Prompt: Output the records below again, precisely as they are written.

:: Working data ::

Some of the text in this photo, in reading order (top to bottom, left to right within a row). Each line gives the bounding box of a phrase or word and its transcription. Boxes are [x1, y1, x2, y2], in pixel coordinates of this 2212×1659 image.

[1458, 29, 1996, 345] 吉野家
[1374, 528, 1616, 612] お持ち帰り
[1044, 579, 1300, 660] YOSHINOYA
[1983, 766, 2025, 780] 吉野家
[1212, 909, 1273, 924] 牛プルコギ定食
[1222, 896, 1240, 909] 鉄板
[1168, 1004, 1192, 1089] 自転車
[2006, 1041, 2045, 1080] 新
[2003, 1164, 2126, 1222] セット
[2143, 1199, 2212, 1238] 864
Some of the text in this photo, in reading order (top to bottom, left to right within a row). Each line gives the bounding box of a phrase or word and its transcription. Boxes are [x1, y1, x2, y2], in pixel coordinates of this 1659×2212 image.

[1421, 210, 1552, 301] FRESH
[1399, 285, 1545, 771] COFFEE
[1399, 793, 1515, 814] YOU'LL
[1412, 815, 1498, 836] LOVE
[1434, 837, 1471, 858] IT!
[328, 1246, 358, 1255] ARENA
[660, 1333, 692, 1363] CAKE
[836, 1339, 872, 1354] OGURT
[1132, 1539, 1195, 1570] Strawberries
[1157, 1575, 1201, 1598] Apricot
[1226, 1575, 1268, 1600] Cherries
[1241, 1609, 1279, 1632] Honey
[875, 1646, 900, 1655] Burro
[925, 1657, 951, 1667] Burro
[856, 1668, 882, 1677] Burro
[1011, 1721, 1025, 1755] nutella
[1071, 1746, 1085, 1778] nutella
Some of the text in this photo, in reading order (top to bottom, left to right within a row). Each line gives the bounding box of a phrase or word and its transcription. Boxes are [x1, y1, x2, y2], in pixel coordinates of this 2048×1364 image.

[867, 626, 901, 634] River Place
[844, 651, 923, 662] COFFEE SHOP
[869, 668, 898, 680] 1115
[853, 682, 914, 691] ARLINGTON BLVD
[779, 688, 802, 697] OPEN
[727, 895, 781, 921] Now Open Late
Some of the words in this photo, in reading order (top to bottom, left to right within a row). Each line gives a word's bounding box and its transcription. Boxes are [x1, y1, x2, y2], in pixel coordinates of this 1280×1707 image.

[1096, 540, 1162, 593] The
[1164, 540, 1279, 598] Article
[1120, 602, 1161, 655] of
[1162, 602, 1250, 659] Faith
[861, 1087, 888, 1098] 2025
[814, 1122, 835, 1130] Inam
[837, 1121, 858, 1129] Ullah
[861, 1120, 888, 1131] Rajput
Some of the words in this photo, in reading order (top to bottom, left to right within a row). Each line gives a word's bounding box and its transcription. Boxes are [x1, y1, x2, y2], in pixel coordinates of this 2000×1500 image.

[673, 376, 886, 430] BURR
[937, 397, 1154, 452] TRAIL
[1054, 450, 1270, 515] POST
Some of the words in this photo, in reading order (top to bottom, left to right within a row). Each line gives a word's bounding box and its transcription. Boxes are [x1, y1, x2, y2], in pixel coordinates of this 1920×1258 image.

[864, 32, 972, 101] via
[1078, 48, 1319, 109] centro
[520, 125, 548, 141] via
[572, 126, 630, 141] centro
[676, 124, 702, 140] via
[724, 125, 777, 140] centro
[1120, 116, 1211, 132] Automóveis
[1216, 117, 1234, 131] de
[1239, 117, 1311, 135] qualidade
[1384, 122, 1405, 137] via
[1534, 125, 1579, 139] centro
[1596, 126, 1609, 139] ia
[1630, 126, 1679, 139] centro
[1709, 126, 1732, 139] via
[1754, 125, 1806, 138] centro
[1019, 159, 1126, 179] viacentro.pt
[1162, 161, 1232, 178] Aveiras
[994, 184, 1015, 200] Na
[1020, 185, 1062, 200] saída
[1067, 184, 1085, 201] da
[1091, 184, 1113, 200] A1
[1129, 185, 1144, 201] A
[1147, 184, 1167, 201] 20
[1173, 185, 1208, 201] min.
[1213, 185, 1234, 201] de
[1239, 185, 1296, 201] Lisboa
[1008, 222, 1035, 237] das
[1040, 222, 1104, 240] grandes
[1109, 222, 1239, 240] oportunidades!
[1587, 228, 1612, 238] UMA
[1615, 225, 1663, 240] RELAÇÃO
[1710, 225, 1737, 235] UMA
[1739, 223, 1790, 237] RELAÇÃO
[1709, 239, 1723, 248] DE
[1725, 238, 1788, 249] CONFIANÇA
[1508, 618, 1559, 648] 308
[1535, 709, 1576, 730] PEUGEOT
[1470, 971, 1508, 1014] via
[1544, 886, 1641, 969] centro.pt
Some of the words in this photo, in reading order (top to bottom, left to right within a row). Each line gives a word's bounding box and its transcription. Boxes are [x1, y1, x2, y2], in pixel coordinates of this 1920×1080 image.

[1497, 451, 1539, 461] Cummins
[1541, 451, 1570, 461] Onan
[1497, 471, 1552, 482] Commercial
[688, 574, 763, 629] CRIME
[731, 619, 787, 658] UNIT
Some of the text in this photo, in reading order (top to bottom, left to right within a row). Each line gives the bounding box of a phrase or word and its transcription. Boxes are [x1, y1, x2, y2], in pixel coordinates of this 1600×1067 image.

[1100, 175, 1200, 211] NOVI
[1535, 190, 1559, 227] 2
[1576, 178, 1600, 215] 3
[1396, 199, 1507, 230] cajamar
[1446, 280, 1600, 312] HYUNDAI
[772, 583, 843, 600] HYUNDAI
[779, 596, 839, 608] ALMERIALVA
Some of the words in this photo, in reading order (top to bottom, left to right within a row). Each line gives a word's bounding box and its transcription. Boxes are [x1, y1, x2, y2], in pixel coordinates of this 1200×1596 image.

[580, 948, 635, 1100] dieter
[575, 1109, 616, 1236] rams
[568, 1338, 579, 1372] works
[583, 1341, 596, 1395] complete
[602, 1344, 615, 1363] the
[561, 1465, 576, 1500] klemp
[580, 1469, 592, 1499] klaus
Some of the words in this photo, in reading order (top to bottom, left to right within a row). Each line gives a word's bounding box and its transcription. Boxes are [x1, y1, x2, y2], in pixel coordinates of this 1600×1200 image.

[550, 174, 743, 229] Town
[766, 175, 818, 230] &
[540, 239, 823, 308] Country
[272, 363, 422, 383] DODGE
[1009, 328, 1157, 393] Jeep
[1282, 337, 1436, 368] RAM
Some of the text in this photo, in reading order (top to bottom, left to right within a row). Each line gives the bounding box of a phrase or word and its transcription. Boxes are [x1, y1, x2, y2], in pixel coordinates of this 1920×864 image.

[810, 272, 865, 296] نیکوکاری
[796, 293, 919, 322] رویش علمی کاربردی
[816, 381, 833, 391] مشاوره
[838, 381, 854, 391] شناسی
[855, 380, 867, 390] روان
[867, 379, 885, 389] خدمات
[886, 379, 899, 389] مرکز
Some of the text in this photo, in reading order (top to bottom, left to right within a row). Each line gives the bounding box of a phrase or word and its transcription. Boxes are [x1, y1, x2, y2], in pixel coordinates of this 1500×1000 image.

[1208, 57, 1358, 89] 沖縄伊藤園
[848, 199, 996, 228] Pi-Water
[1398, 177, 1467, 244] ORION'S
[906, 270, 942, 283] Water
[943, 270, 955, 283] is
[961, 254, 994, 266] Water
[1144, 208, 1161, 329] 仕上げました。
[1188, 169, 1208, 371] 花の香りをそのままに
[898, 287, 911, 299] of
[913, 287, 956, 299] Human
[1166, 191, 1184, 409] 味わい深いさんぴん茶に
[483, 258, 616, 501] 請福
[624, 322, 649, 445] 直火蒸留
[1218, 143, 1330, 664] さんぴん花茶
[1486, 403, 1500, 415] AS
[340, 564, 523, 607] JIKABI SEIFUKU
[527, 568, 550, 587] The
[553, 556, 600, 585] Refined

:::

Result of the task:
Some of the text in this photo, in reading order (top to bottom, left to right within a row). Each line gives the bounding box of a phrase or word and its transcription. Boxes are [x1, y1, x2, y2], in pixel coordinates of this 2212×1659 image.

[1458, 29, 1996, 345] 吉野家
[1374, 528, 1616, 612] お持ち帰り
[1044, 579, 1300, 660] YOSHINOYA
[1983, 766, 2025, 780] 吉野家
[1212, 909, 1273, 924] 牛プルコギ定食
[1222, 896, 1240, 909] 鉄板
[1168, 1004, 1192, 1089] 自転車
[2006, 1041, 2045, 1080] 新
[2003, 1164, 2126, 1222] セット
[2143, 1199, 2212, 1238] 864
Some of the text in this photo, in reading order (top to bottom, left to right within a row). Each line gives the bounding box of a phrase or word and its transcription. Boxes are [x1, y1, x2, y2], in pixel coordinates of this 1659×2212 image.

[1421, 210, 1552, 301] FRESH
[1399, 285, 1545, 771] COFFEE
[1399, 793, 1515, 814] YOU'LL
[1412, 815, 1498, 836] LOVE
[1434, 837, 1471, 858] IT!
[328, 1246, 358, 1255] ARENA
[660, 1333, 692, 1363] CAKE
[836, 1339, 872, 1354] OGURT
[1132, 1539, 1195, 1570] Strawberries
[1157, 1575, 1201, 1598] Apricot
[1226, 1575, 1268, 1600] Cherries
[1241, 1609, 1279, 1632] Honey
[875, 1646, 900, 1655] Burro
[925, 1657, 951, 1667] Burro
[856, 1668, 882, 1677] Burro
[1011, 1721, 1025, 1755] nutella
[1071, 1746, 1085, 1778] nutella
Some of the text in this photo, in reading order (top to bottom, left to right within a row). Each line gives the bounding box of a phrase or word and its transcription. Boxes are [x1, y1, x2, y2], in pixel coordinates of this 2048×1364 image.

[867, 626, 901, 634] River Place
[844, 651, 923, 662] COFFEE SHOP
[869, 668, 898, 680] 1115
[853, 682, 914, 691] ARLINGTON BLVD
[779, 688, 802, 697] OPEN
[727, 895, 781, 921] Now Open Late
Some of the words in this photo, in reading order (top to bottom, left to right within a row). Each line gives a word's bounding box and its transcription. Boxes are [x1, y1, x2, y2], in pixel coordinates of this 1280×1707 image.

[1096, 540, 1162, 593] The
[1164, 540, 1279, 598] Article
[1120, 602, 1161, 655] of
[1162, 602, 1250, 659] Faith
[861, 1087, 888, 1098] 2025
[814, 1122, 835, 1130] Inam
[837, 1121, 858, 1129] Ullah
[861, 1120, 888, 1131] Rajput
Some of the words in this photo, in reading order (top to bottom, left to right within a row). Each line gives a word's bounding box and its transcription. Boxes are [x1, y1, x2, y2], in pixel coordinates of this 2000×1500 image.

[673, 376, 886, 430] BURR
[937, 397, 1154, 452] TRAIL
[1054, 450, 1270, 515] POST
Some of the words in this photo, in reading order (top to bottom, left to right within a row). Each line gives a word's bounding box and its transcription. Boxes are [x1, y1, x2, y2], in pixel coordinates of this 1920×1258 image.

[864, 32, 972, 101] via
[1078, 48, 1319, 109] centro
[520, 125, 548, 141] via
[572, 126, 630, 141] centro
[676, 124, 702, 140] via
[724, 125, 777, 140] centro
[1120, 116, 1211, 132] Automóveis
[1216, 117, 1234, 131] de
[1239, 117, 1311, 135] qualidade
[1384, 122, 1405, 137] via
[1534, 125, 1579, 139] centro
[1596, 126, 1609, 139] ia
[1630, 126, 1679, 139] centro
[1709, 126, 1732, 139] via
[1754, 125, 1806, 138] centro
[1019, 159, 1126, 179] viacentro.pt
[1162, 161, 1232, 178] Aveiras
[994, 184, 1015, 200] Na
[1020, 185, 1062, 200] saída
[1067, 184, 1085, 201] da
[1091, 184, 1113, 200] A1
[1129, 185, 1144, 201] A
[1147, 184, 1167, 201] 20
[1173, 185, 1208, 201] min.
[1213, 185, 1234, 201] de
[1239, 185, 1296, 201] Lisboa
[1008, 222, 1035, 237] das
[1040, 222, 1104, 240] grandes
[1109, 222, 1239, 240] oportunidades!
[1587, 228, 1612, 238] UMA
[1615, 225, 1663, 240] RELAÇÃO
[1710, 225, 1737, 235] UMA
[1739, 223, 1790, 237] RELAÇÃO
[1709, 239, 1723, 248] DE
[1725, 238, 1788, 249] CONFIANÇA
[1508, 618, 1559, 648] 308
[1535, 709, 1576, 730] PEUGEOT
[1470, 971, 1508, 1014] via
[1544, 886, 1641, 969] centro.pt
Some of the words in this photo, in reading order (top to bottom, left to right within a row). Each line gives a word's bounding box and its transcription. Boxes are [x1, y1, x2, y2], in pixel coordinates of this 1920×1080 image.

[1497, 451, 1539, 461] Cummins
[1541, 451, 1570, 461] Onan
[1497, 471, 1552, 482] Commercial
[688, 574, 763, 629] CRIME
[731, 619, 787, 658] UNIT
Some of the text in this photo, in reading order (top to bottom, left to right within a row). Each line gives the bounding box of a phrase or word and its transcription. Boxes are [x1, y1, x2, y2], in pixel coordinates of this 1600×1067 image.

[1100, 175, 1200, 211] NOVI
[1535, 190, 1559, 227] 2
[1576, 178, 1600, 215] 3
[1396, 199, 1507, 230] cajamar
[1446, 280, 1600, 312] HYUNDAI
[772, 583, 843, 600] HYUNDAI
[779, 596, 839, 608] ALMERIALVA
Some of the words in this photo, in reading order (top to bottom, left to right within a row). Each line gives a word's bounding box and its transcription. Boxes are [x1, y1, x2, y2], in pixel coordinates of this 1200×1596 image.

[580, 948, 635, 1100] dieter
[575, 1109, 616, 1236] rams
[568, 1338, 579, 1372] works
[583, 1341, 596, 1395] complete
[602, 1344, 615, 1363] the
[561, 1465, 576, 1500] klemp
[580, 1469, 592, 1499] klaus
Some of the words in this photo, in reading order (top to bottom, left to right within a row). Each line gives a word's bounding box and its transcription. Boxes are [x1, y1, x2, y2], in pixel coordinates of this 1600×1200 image.

[550, 174, 743, 229] Town
[766, 175, 818, 230] &
[540, 239, 823, 308] Country
[272, 363, 422, 383] DODGE
[1009, 328, 1157, 393] Jeep
[1282, 337, 1436, 368] RAM
Some of the text in this photo, in reading order (top to bottom, left to right within a row). Each line gives the bounding box of a phrase or word and its transcription. Boxes are [x1, y1, x2, y2], in pixel coordinates of this 1920×864 image.

[810, 272, 865, 296] نیکوکاری
[796, 293, 919, 322] رویش علمی کاربردی
[816, 381, 833, 391] مشاوره
[838, 381, 854, 391] شناسی
[855, 380, 867, 390] روان
[867, 379, 885, 389] خدمات
[886, 379, 899, 389] مرکز
Some of the text in this photo, in reading order (top to bottom, left to right within a row). Each line gives the bounding box of a phrase or word and its transcription. Boxes are [x1, y1, x2, y2], in pixel coordinates of this 1500×1000 image.

[1208, 57, 1358, 89] 沖縄伊藤園
[848, 199, 996, 228] Pi-Water
[1398, 177, 1467, 244] ORION'S
[906, 270, 942, 283] Water
[943, 270, 955, 283] is
[961, 254, 994, 266] Water
[1144, 208, 1161, 329] 仕上げました。
[1188, 169, 1208, 371] 花の香りをそのままに
[898, 287, 911, 299] of
[913, 287, 956, 299] Human
[1166, 191, 1184, 409] 味わい深いさんぴん茶に
[483, 258, 616, 501] 請福
[624, 322, 649, 445] 直火蒸留
[1218, 143, 1330, 664] さんぴん花茶
[1486, 403, 1500, 415] AS
[340, 564, 523, 607] JIKABI SEIFUKU
[527, 568, 550, 587] The
[553, 556, 600, 585] Refined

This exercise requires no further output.